## ASSIGNMENT
With pictures removed, print the listing exactly.

(SUPPLIED ENTRIES)

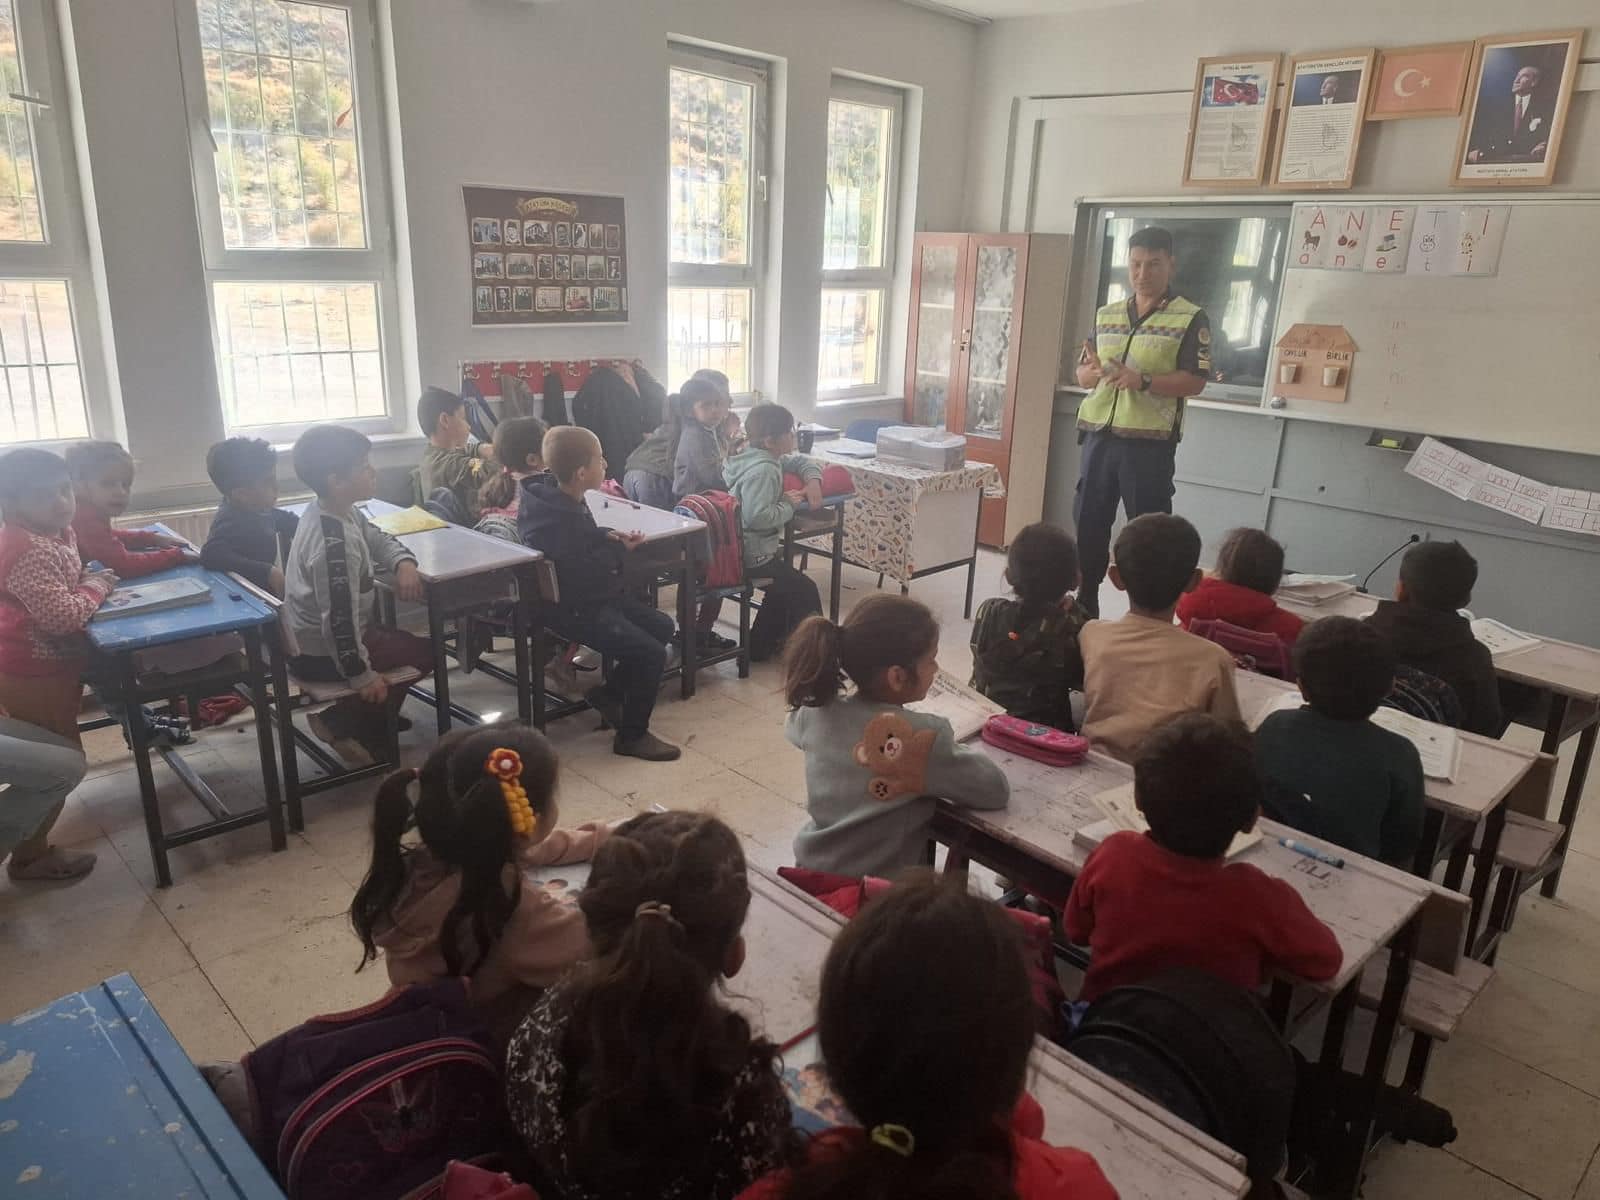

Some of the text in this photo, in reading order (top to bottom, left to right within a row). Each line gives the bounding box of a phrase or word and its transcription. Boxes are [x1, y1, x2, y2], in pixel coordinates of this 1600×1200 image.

[1310, 209, 1327, 231] A
[1347, 210, 1365, 231] N
[1389, 209, 1405, 231] E
[1375, 256, 1387, 269] e

(End SUPPLIED ENTRIES)

## RESULT OF THE TASK
Some of the text in this photo, in reading order (top to bottom, left to right within a row). Each line gives the bounding box of a phrase or word and its transcription. Boxes are [x1, y1, x2, y2], in pixel coordinates of this 1600×1200 image.

[1310, 209, 1327, 231] A
[1347, 210, 1365, 231] N
[1389, 209, 1405, 231] E
[1375, 256, 1387, 269] e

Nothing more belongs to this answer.